Despite the commonality of Korean heritage, these artists navigate the nuances of cross-cultural influences culling from personal, familial, and cultural histories. This exhibition will showcase subversive forms that playfully weave mythology, traditional techniques, and technological interventions.

In addition to the physical works in this exhibition are digital extensions of the objects that were created in collaboration with the University of Cincinnati’s NFT Media Lab. The resulting digital assets aim to highlight works that were limited by the physical constraints of viewing in a gallery and to allow for alternative ways to observe, interact, and study.

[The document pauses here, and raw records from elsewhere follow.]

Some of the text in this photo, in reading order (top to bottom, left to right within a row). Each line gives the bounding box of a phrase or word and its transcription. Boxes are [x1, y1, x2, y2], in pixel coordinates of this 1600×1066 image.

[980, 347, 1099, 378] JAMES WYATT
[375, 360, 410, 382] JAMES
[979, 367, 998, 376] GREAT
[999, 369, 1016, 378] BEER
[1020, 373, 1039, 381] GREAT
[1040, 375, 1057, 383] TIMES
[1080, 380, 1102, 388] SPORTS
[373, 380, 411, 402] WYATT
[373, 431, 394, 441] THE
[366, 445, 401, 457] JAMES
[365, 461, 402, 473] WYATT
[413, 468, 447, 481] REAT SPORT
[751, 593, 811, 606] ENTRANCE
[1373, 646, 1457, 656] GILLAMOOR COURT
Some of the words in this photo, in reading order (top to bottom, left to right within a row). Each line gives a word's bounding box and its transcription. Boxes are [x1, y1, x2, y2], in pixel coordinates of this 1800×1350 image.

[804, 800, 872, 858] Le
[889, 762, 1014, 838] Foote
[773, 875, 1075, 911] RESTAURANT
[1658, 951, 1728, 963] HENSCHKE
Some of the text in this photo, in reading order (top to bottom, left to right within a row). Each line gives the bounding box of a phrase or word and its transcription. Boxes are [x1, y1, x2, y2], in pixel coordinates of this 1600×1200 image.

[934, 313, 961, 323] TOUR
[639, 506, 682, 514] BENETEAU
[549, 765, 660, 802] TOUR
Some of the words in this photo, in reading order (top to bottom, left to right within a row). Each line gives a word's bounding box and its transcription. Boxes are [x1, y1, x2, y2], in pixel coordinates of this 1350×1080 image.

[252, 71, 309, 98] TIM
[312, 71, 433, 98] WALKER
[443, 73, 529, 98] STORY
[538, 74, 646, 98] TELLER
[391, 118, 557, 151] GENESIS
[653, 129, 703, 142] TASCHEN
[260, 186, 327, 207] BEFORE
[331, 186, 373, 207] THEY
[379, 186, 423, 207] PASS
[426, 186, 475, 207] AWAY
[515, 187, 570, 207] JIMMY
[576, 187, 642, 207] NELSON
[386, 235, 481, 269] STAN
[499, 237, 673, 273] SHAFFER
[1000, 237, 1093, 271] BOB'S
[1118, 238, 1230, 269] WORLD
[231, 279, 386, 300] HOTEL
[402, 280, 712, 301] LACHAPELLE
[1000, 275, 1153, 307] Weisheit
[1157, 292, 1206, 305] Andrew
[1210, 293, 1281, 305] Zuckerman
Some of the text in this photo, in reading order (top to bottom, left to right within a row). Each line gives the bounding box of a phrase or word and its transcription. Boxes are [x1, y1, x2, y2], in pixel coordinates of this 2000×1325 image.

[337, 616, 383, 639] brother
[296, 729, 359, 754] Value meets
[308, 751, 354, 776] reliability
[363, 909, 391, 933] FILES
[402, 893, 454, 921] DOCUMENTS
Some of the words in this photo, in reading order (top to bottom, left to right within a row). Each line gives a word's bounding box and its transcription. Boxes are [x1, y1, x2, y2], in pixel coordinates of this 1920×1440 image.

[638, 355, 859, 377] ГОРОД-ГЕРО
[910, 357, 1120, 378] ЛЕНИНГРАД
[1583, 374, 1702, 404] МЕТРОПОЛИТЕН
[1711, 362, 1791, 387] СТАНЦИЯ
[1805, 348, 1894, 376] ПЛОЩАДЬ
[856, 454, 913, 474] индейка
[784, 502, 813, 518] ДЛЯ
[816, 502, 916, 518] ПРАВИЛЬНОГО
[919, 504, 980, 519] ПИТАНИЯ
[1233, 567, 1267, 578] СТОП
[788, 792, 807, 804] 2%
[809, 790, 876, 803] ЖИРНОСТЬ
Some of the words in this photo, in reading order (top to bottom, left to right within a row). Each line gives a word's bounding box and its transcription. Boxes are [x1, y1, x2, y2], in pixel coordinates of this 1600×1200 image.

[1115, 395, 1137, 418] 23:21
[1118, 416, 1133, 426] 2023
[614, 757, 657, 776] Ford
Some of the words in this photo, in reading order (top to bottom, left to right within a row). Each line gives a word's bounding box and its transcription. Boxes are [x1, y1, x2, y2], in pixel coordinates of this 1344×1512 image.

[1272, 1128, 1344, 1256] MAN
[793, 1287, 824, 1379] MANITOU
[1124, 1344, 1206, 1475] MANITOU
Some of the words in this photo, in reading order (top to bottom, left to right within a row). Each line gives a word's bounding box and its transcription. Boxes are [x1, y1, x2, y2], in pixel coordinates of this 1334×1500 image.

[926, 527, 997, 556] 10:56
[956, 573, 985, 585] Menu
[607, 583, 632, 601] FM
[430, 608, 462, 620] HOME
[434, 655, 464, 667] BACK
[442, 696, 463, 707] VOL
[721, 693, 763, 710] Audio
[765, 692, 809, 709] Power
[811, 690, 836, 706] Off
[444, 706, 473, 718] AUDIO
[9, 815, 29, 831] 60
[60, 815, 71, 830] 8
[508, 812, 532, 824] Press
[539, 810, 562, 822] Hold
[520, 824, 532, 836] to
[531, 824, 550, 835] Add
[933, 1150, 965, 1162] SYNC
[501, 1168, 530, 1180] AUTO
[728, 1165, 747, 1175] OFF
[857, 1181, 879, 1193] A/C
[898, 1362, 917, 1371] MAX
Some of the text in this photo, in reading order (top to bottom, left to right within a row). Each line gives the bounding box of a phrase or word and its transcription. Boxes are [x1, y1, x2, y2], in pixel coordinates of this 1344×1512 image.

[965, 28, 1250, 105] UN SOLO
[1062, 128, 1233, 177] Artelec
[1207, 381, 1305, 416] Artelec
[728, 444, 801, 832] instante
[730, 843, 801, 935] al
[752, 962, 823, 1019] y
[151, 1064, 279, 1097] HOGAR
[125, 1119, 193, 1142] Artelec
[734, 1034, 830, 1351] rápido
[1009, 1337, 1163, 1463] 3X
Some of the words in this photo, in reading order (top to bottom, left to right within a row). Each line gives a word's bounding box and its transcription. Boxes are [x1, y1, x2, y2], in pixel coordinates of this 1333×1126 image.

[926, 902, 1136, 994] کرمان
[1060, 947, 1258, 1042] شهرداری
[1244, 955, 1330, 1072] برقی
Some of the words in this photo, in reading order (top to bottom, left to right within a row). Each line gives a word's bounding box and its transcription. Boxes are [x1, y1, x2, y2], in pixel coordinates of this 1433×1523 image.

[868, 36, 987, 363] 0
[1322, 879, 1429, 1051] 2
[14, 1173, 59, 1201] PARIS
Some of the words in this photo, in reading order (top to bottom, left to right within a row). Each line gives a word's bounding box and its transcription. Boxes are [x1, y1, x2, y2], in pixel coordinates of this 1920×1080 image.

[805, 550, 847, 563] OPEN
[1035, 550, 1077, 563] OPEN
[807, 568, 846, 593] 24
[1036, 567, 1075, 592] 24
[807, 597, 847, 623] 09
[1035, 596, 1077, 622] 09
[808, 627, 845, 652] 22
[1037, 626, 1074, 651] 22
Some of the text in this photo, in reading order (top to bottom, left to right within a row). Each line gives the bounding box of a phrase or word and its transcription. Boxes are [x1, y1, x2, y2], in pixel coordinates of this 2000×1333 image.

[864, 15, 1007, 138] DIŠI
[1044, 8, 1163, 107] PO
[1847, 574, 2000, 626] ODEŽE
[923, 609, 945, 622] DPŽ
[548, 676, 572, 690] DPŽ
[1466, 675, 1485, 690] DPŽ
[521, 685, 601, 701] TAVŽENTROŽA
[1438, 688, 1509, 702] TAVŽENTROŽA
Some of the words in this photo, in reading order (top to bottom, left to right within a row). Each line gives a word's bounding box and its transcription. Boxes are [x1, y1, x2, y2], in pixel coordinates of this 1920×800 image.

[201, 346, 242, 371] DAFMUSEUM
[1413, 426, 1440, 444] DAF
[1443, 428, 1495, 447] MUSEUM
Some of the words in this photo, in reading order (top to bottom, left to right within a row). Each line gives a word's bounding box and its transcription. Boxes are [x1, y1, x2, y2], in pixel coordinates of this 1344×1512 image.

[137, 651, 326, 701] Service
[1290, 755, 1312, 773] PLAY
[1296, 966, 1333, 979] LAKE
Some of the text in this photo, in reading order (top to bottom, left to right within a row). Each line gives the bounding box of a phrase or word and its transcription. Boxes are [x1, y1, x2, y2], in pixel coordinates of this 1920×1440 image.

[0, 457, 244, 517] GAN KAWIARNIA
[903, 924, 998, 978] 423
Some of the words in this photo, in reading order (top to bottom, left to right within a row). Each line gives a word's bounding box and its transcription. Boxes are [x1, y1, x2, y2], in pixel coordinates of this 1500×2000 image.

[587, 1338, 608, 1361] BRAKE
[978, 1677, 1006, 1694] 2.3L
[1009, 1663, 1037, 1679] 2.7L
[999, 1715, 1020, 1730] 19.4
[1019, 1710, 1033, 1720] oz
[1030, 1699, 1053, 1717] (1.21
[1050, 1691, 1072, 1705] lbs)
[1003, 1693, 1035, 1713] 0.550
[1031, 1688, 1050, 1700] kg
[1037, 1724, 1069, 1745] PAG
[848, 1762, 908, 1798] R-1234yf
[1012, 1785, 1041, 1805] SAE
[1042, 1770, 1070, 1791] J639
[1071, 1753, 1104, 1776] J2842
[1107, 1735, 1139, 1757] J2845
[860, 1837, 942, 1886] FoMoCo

Oscillating between the material and immaterial, The Uncanny In-Between pays homage to the traditions of Korean ceramics but with a contemporary twist—from a split moon jar, a hybrid monster table, a guardian figurine, to a linguistic and figurative play on “pears”. The exhibition features work by Audrey An, Wansoo Kim, Hoon Lee, Hayun Surl, and Hae Won Sohn.


Curated by Sso-Rha Kang

The exhibition is curated by Sso-Rha Kang. The digital renderings were created at the NFT Media Lab at the University of Cincinnati with a team led by Jordan Tate. The Uncanny In-Between was commissioned by Steven Matijcio. Translations to Korean were provided by Audrey An. Support for the exhibition and related programming comes from The Cynthia Woods Mitchell Center for the Arts at the University of Houston.

Exhibition Images

Exhibition Brochure

The Uncanny In-Between | Exhibition Brochure

published by Blaffer Art Museum

In Chicanx and Latinx studies, nepantla—the Nahuatl term connoting in-betweenness—has signified a series of resistance strategies for survival in inhospitable places. Theorized most extensively by the writer Gloria Anzaldúa, nepantla is a threshold space of possibility between boundaries, in which an individual’s multiplicity of identities makes them indecipherable to rigid systems. Anzaldúa describes boundary crossers as nepantleras, “thresholders who initiate others in rites of passage, activistas who, from a listening, receptive, spiritual stance, rise to their own visions and shift into acting them out, hacienda mundo Nuevo (introducing change).”1 That is: by living in-between distinct realities, these individuals build new worlds.

In Sso-Rha Kang’s exhibition The Uncanny In-Between, she traces shared forms and legacies from the artists’ binational histories. And, in collaboration with the University of Cincinnati’s NFT Media Lab, she has included digital renderings of objects, as if to offer a deeper insight—into the ceramic objects, of course—but also, perhaps, into the ways that these artists bridge the places that they’ve lived. People become inherently more resilient, more complex, more sensitive to traditions, turns of phrase, and cultural assumptions, when they live between multiple cultural worlds. The experience of being in-between can be a source for re-thinking the self, in and out of place. In this intimately scaled exhibition, curator Sso-Rha Kang presents a group of artists who respond to traditional Korean ceramic arts, while also turning those traditions on their heads. It’s an exciting way to begin the year, and a reminder of the power of the visual artists to help us see new paths, heretofore unimagined.